[Opening Available data section]

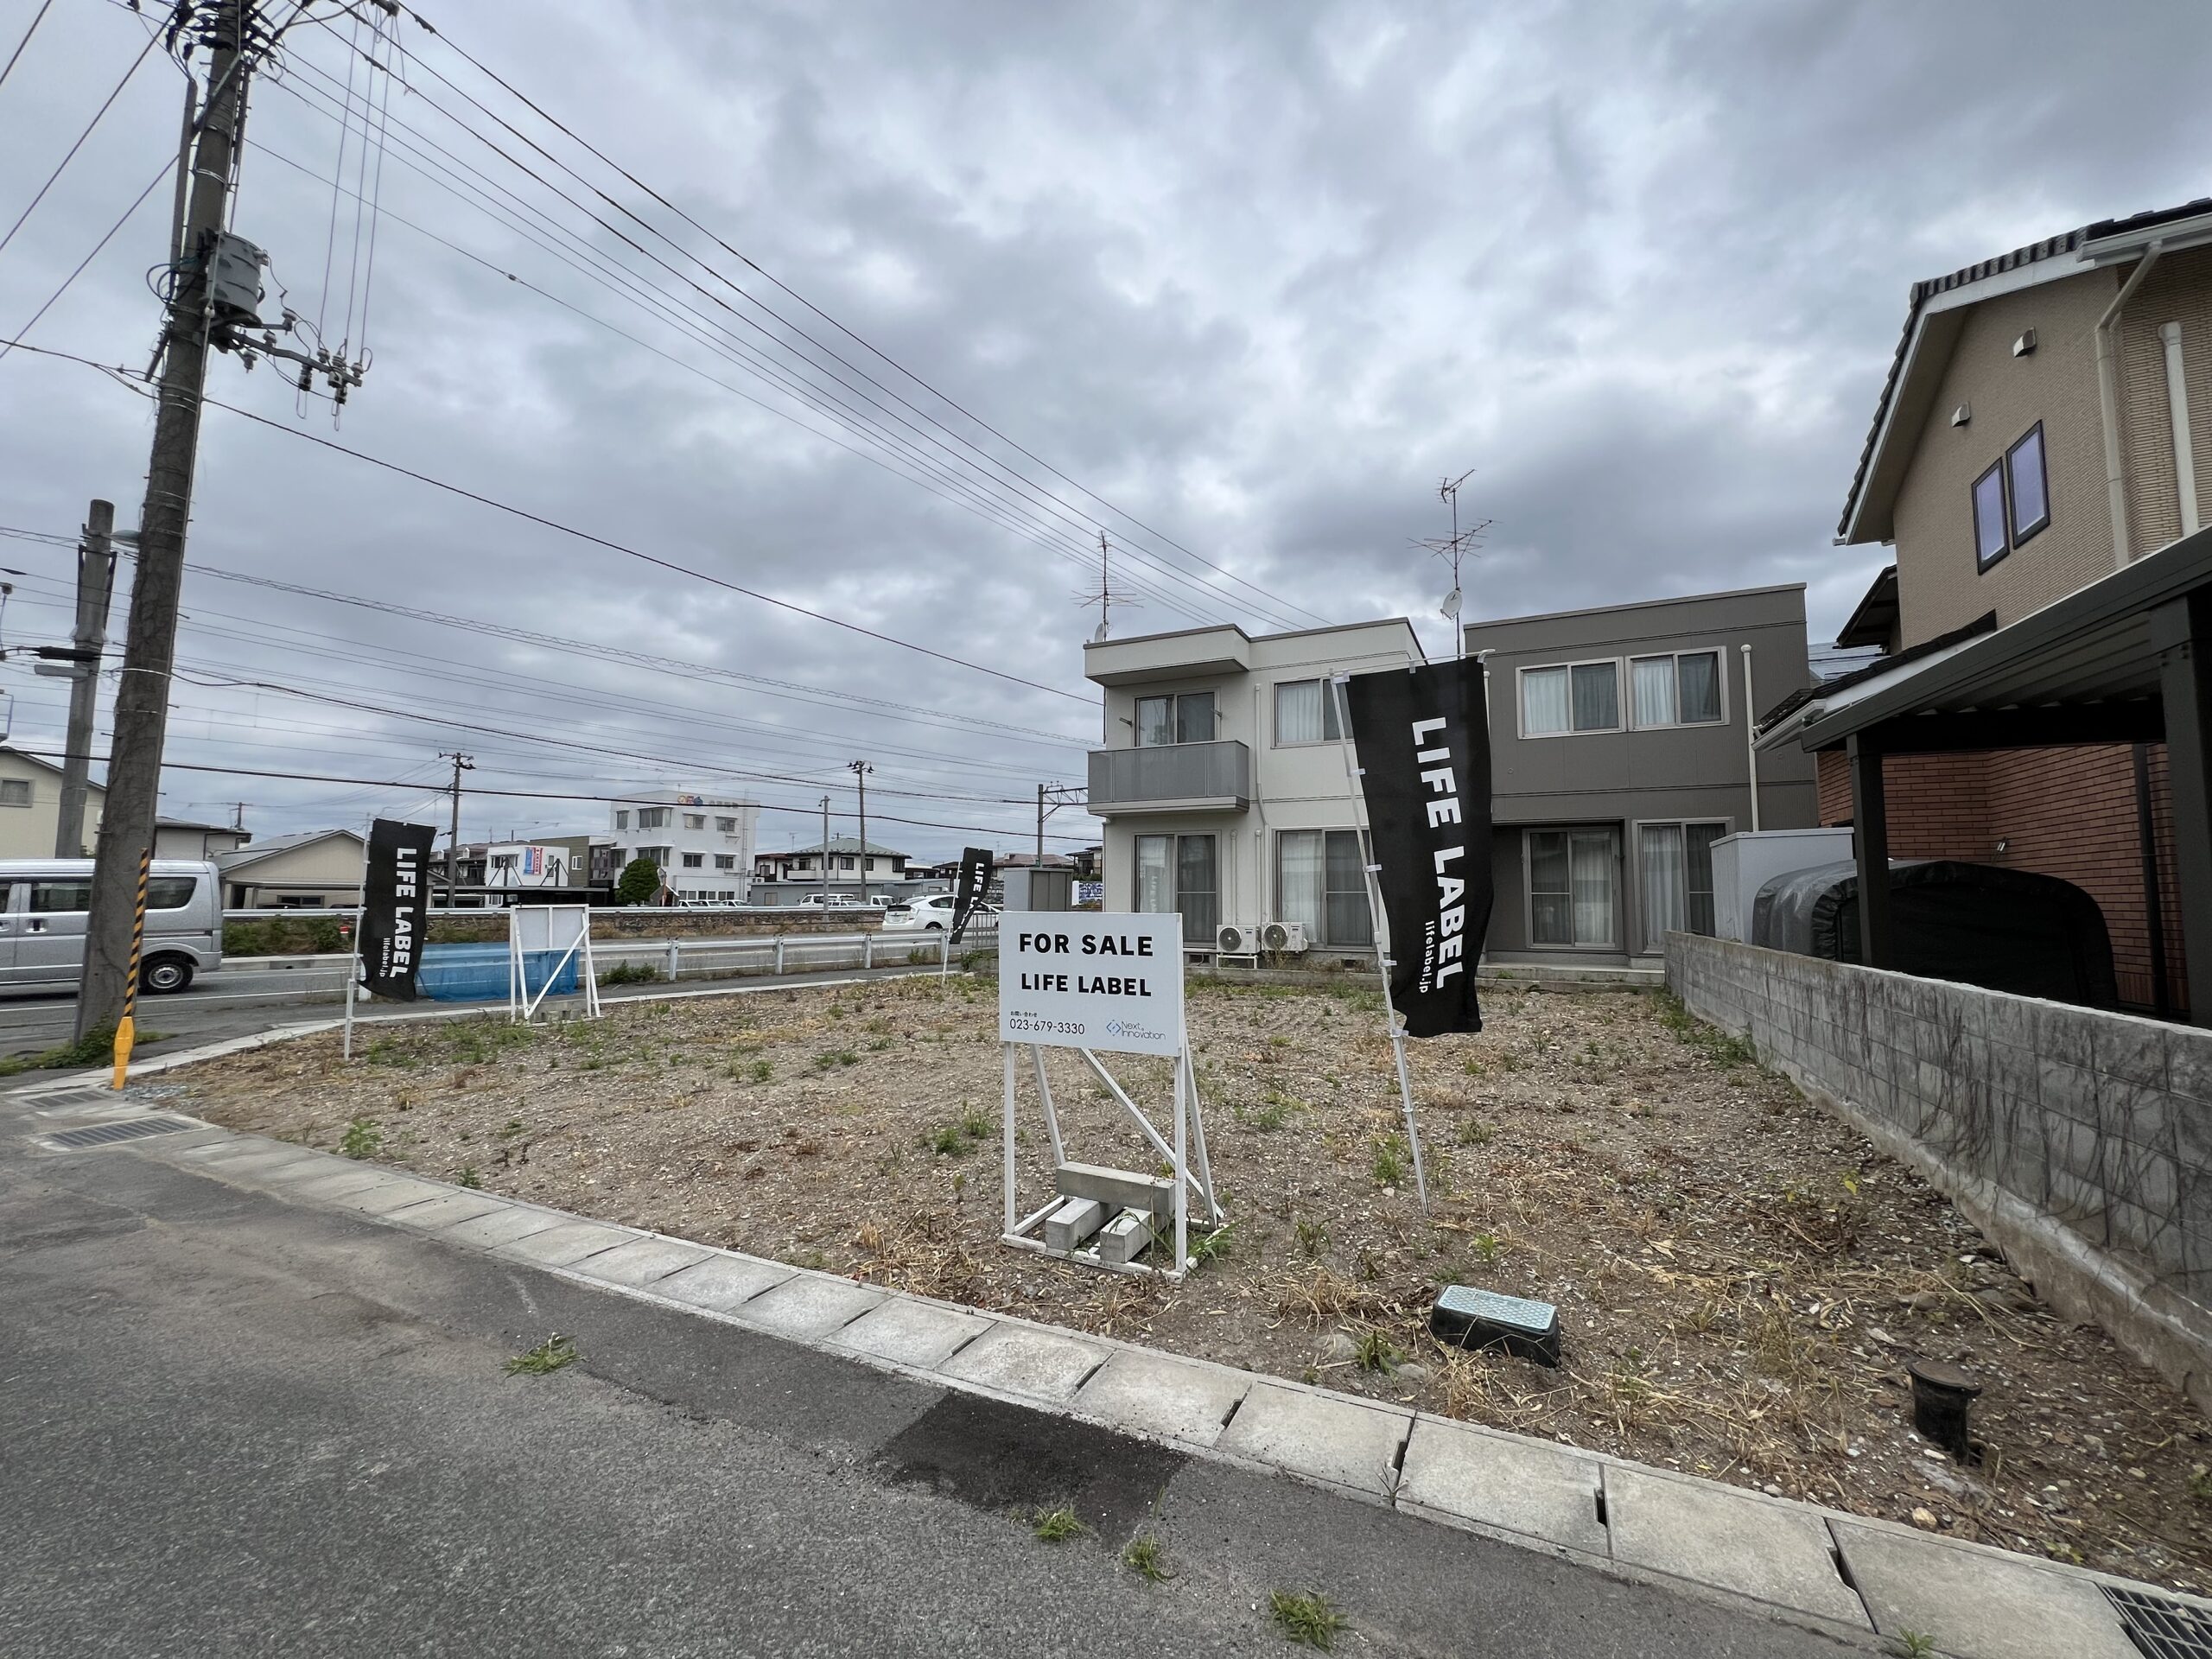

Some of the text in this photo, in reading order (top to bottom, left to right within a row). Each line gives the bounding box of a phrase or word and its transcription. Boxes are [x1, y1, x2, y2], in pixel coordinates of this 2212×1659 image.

[1412, 716, 1465, 989] LIFE LABEL
[973, 862, 985, 893] LIFE
[390, 847, 417, 978] LIFE LABEL
[379, 938, 391, 977] lifelabel.jp
[1019, 933, 1154, 957] FOR SALE
[1420, 920, 1434, 994] lifelabel.jp
[1021, 973, 1152, 997] LIFE LABEL
[1009, 1018, 1085, 1034] 023-679-3330
[1122, 1029, 1166, 1040] Innovation

[Closing Available data section]

*What the exercise asks*:
The result should be a verbatim copy of the data, free of pictures.

*Written reply*:
Some of the text in this photo, in reading order (top to bottom, left to right within a row). Each line gives the bounding box of a phrase or word and its transcription. Boxes are [x1, y1, x2, y2], in pixel coordinates of this 2212×1659 image.

[1412, 716, 1465, 989] LIFE LABEL
[973, 862, 985, 893] LIFE
[390, 847, 417, 978] LIFE LABEL
[379, 938, 391, 977] lifelabel.jp
[1019, 933, 1154, 957] FOR SALE
[1420, 920, 1434, 994] lifelabel.jp
[1021, 973, 1152, 997] LIFE LABEL
[1009, 1018, 1085, 1034] 023-679-3330
[1122, 1029, 1166, 1040] Innovation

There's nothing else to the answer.